Naomi objects to being put on a pedestal

BRITAIN: Court 13 at the Royal Courts of Justice has witnessed many polished performances

BRITAIN: Court 13 at the Royal Courts of Justice has witnessed many polished performances. No sooner had former Taoiseach Albert Reynolds crossed swords with the Sunday Times within its wood-panelled walls than Harrods owner Mohamed Al Fayed did battle with former Tory minister Neil Hamilton during their notorious libel case.

It was "supermodel" Naomi Campbell's turn to swear "to tell the truth, the whole truth and nothing but the truth" this week. And she proved as feisty an opponent for the be-wigged QCs as her political predecessors.

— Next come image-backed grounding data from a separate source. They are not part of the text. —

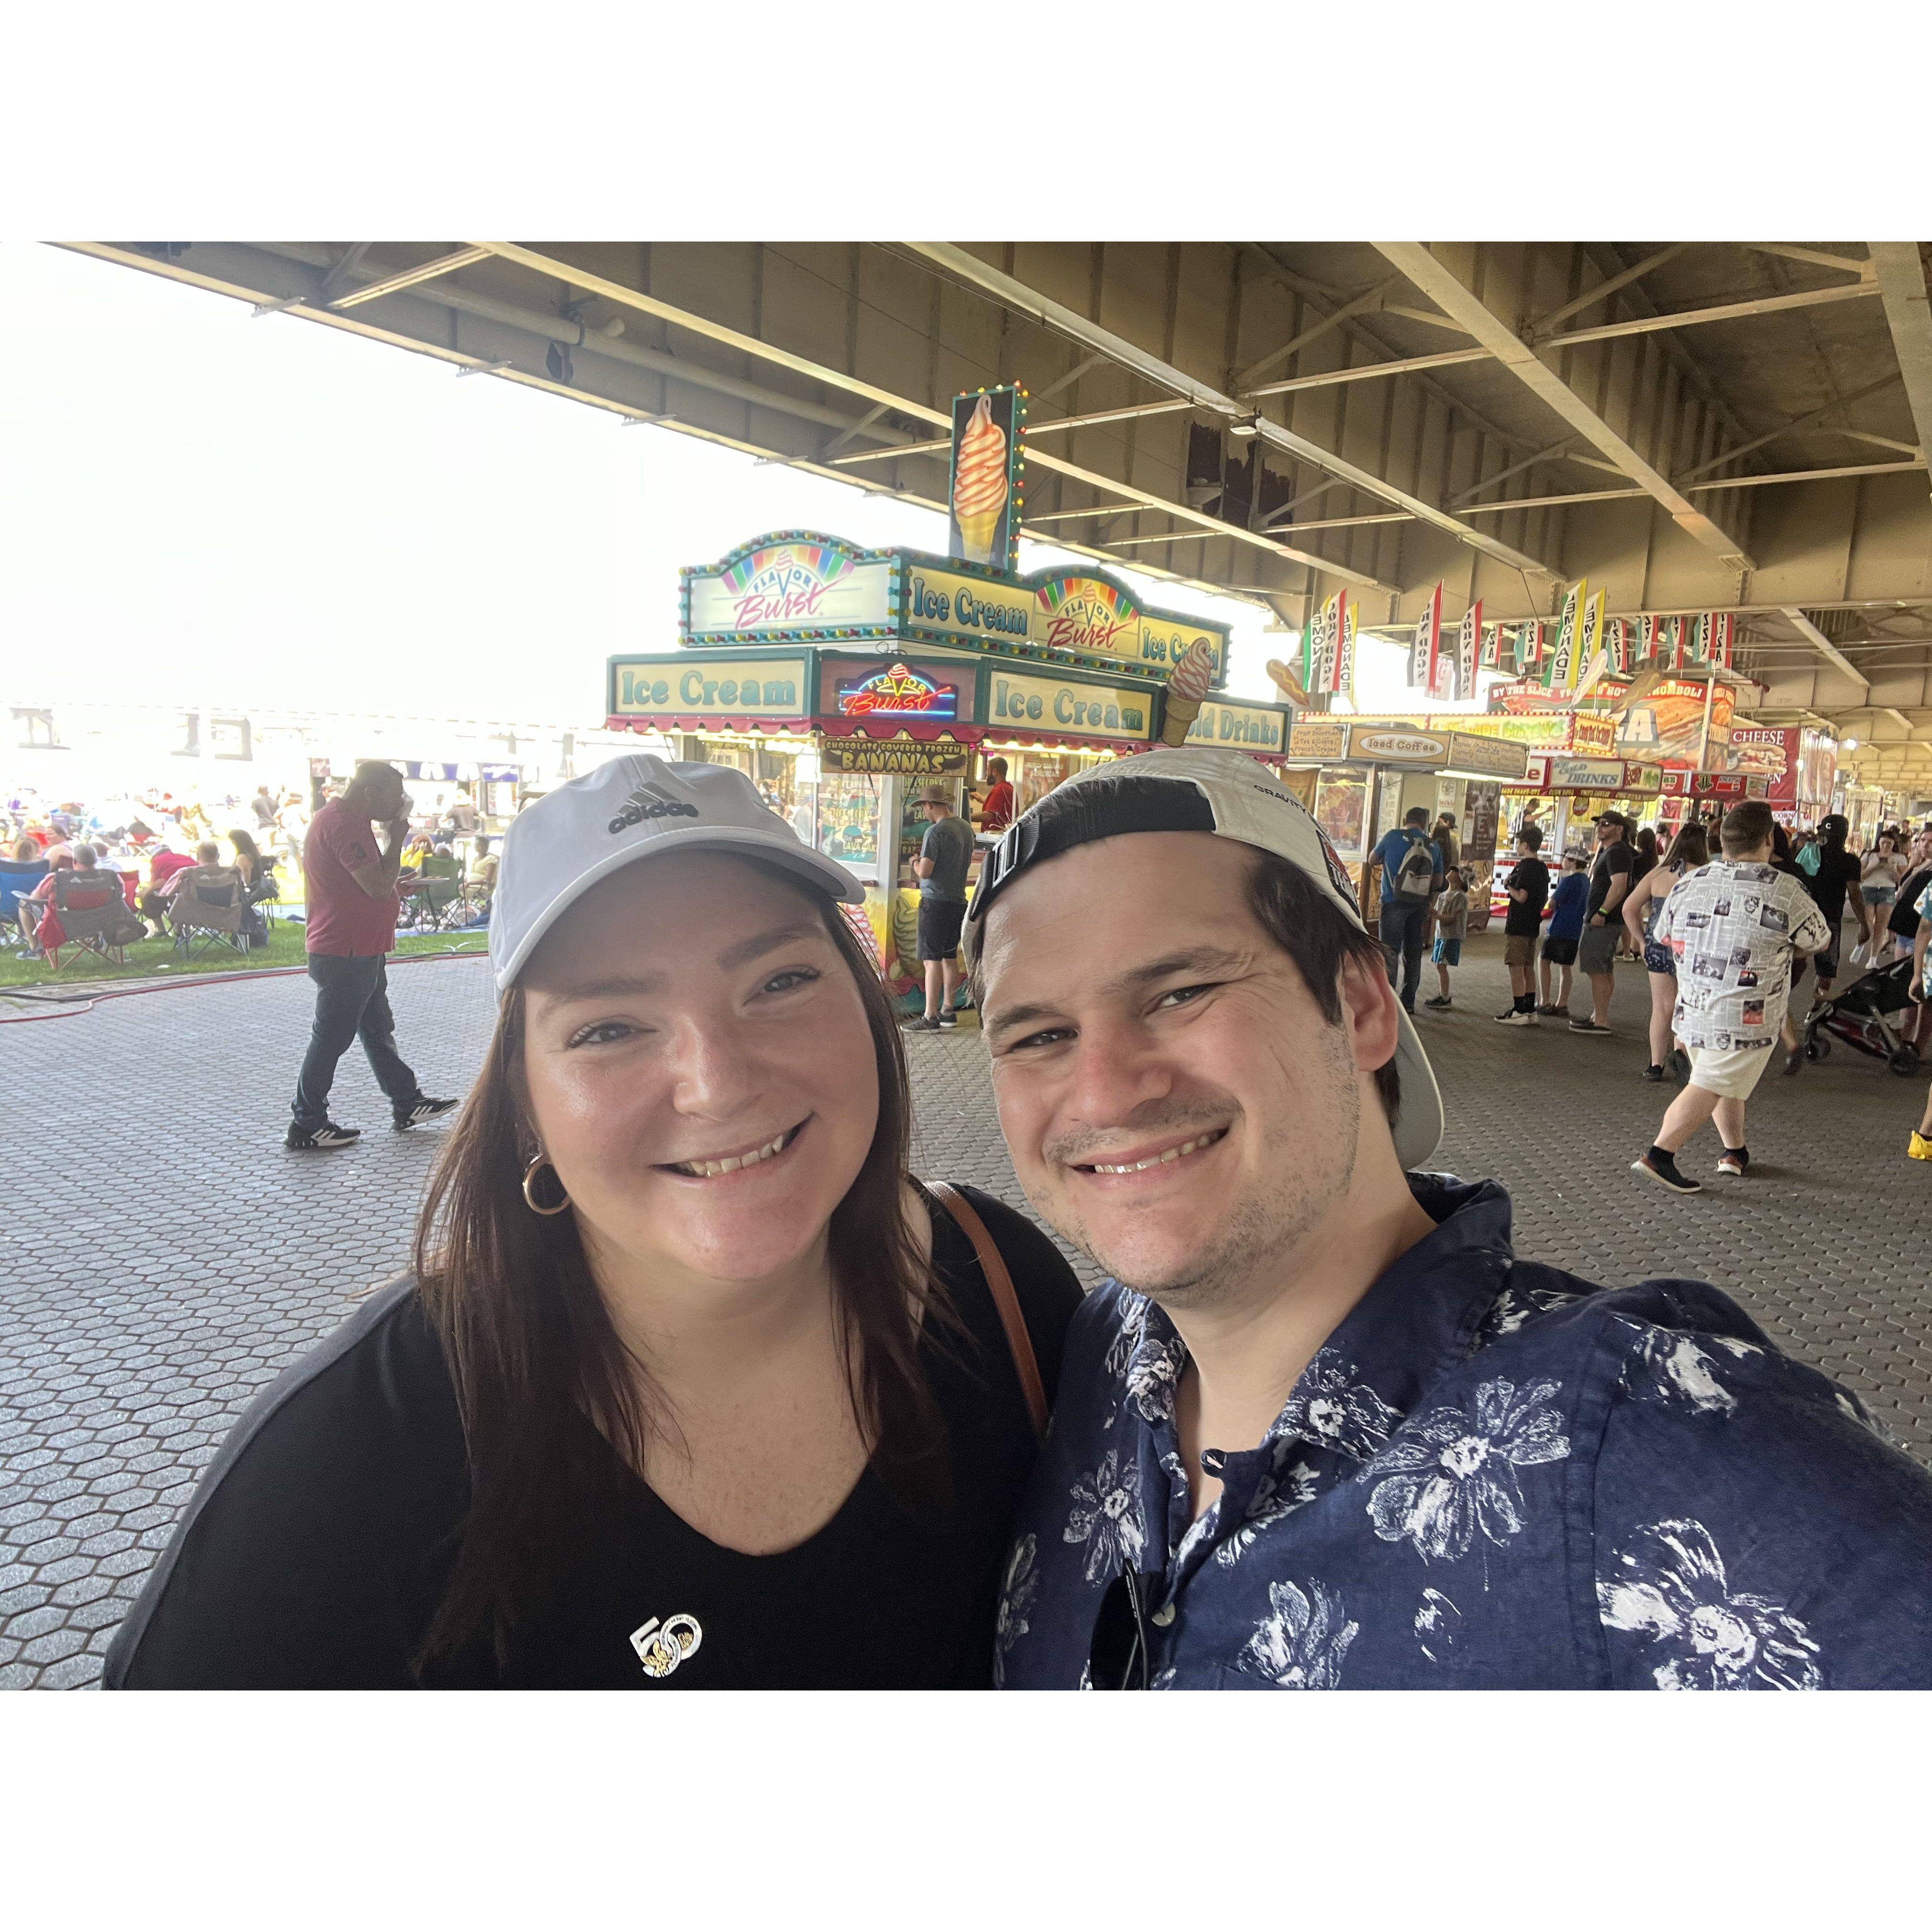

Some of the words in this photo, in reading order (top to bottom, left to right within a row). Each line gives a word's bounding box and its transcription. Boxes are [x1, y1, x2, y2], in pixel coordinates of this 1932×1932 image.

[753, 568, 811, 599] FLAVOR
[734, 576, 845, 630] Burst
[913, 577, 949, 621] Ice
[954, 587, 1027, 636] Cream
[1064, 599, 1110, 627] FLAVOR
[1047, 618, 1134, 648] Burst
[1142, 627, 1167, 661] Ice
[1170, 633, 1219, 671] Crm
[622, 671, 669, 705] Ice
[679, 670, 796, 706] Cream
[843, 686, 951, 715] Burst
[868, 676, 927, 697] FLAVOR
[1493, 687, 1505, 698] BY
[1507, 685, 1525, 695] THE
[1527, 685, 1553, 698] SLICE
[995, 680, 1043, 720] Ice
[1054, 689, 1143, 731] Cream
[1219, 710, 1278, 746] Drinks
[1733, 730, 1785, 746] CHEESE
[825, 740, 878, 751] CHOCOLATE
[880, 742, 921, 752] COVERED
[925, 743, 961, 754] FROZEN
[1368, 738, 1393, 749] Iced
[1397, 740, 1435, 751] Coffee
[841, 751, 944, 773] BANANAS
[1567, 773, 1619, 784] DRINKS
[1254, 784, 1306, 814] GRAVITY
[608, 803, 699, 834] adidas
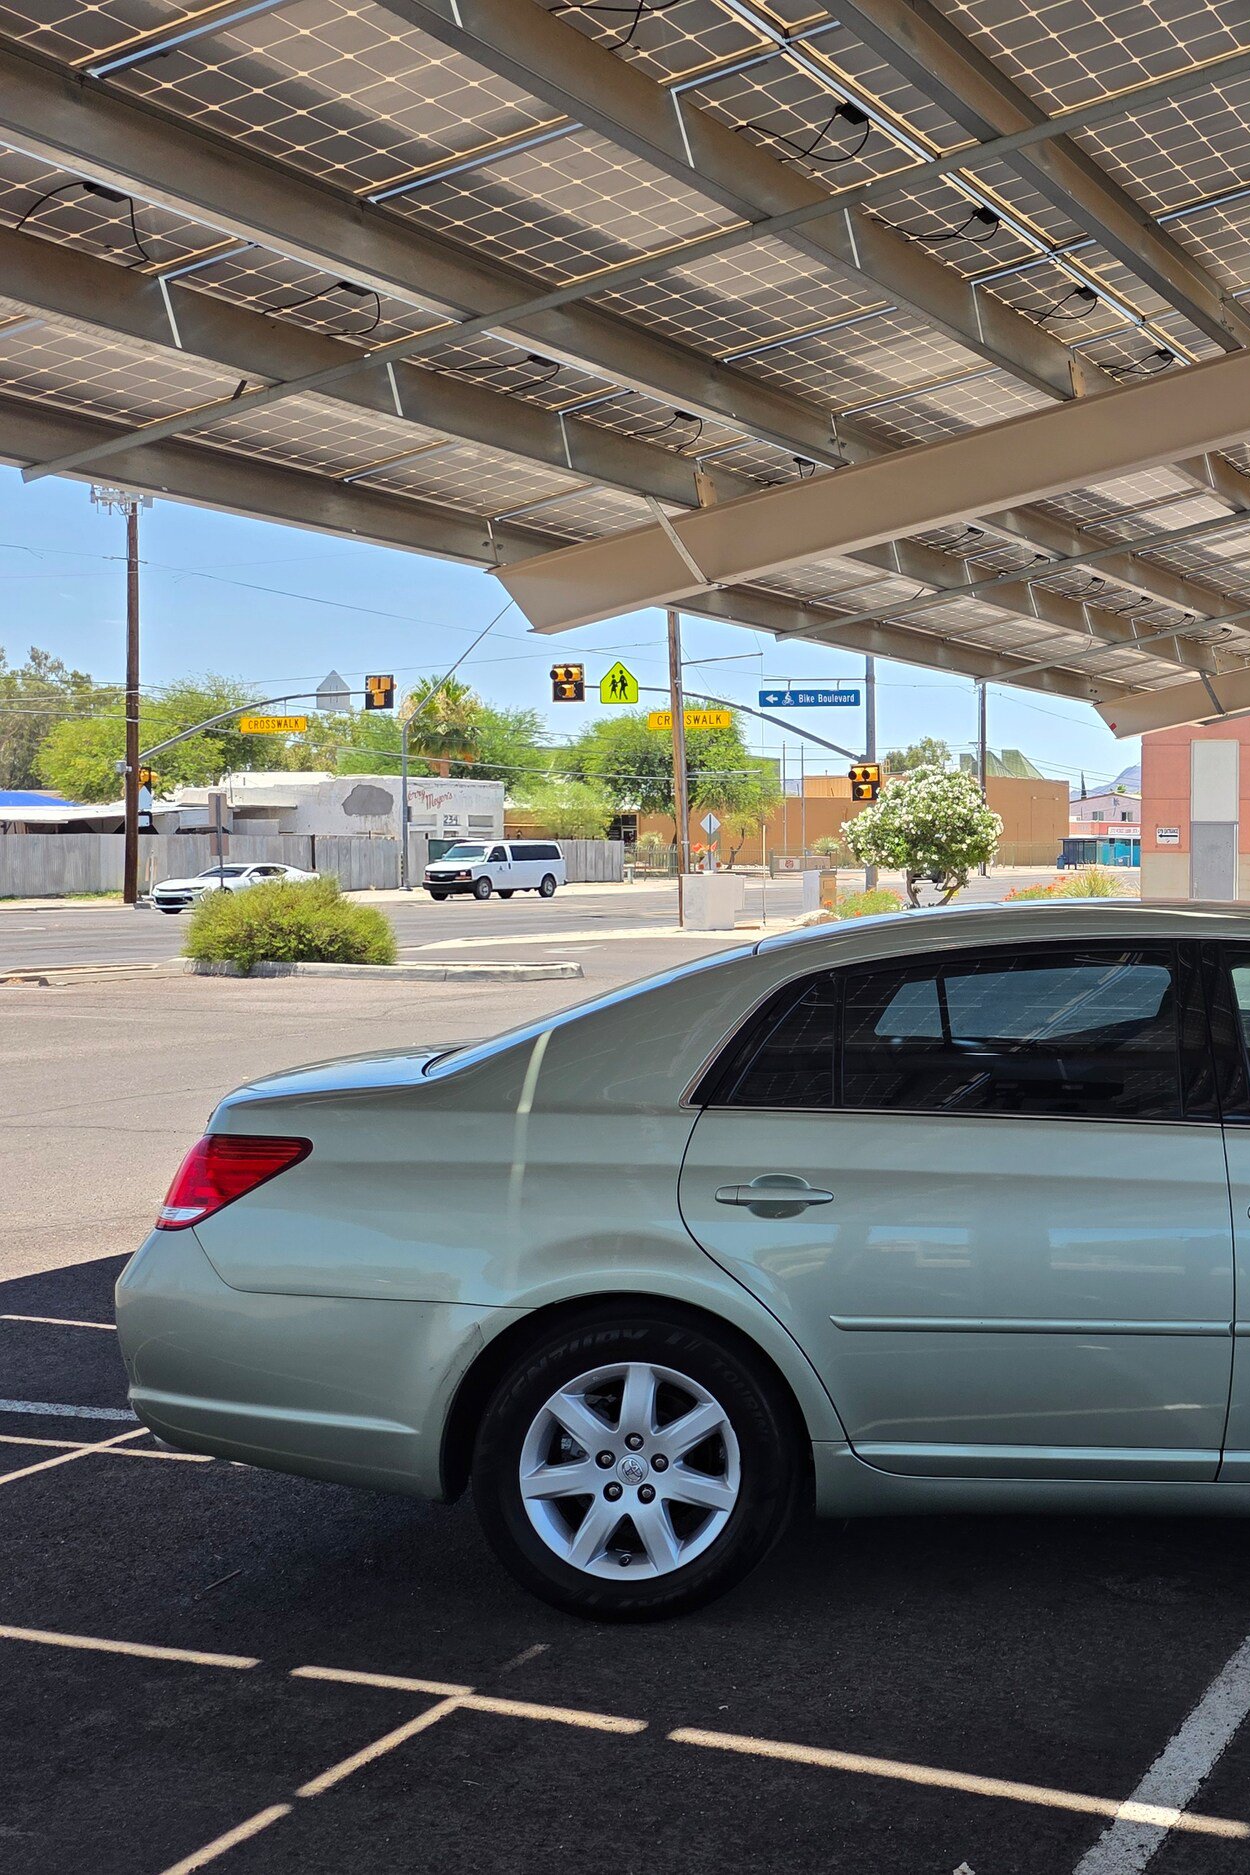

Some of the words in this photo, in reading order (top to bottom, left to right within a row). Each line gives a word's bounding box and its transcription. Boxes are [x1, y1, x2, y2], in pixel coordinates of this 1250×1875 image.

When Mr Justice Morland swept into court yesterday, Ms Campbell took her seat in the witness box, determinedly looking straight ahead from under a long, glossy fringe. If she was trying to avoid looking at Mr Desmond Browne, QC, for Mirror Group Newspapers, who she is suing for breach of confidence, invasion of privacy and breach of the Data Protection Act, because it published pictures of her leaving a drugs counselling session, she succeeded. Apart from the odd withering look directed at Mr Browne, the entire cross-examination was conducted with the model looking at the press bench and the QC facing the judge.

As Mirror editor Piers Morgan looked on, the battling Mr Browne repeatedly pressed the 31-year-old model about telling a "whopper". She had said in a television interview that her grandmother "wasn't too thrilled seeing me with my clothes off frolicking around" in Madonna's Sex coffee table book, Mr Browne reminded her.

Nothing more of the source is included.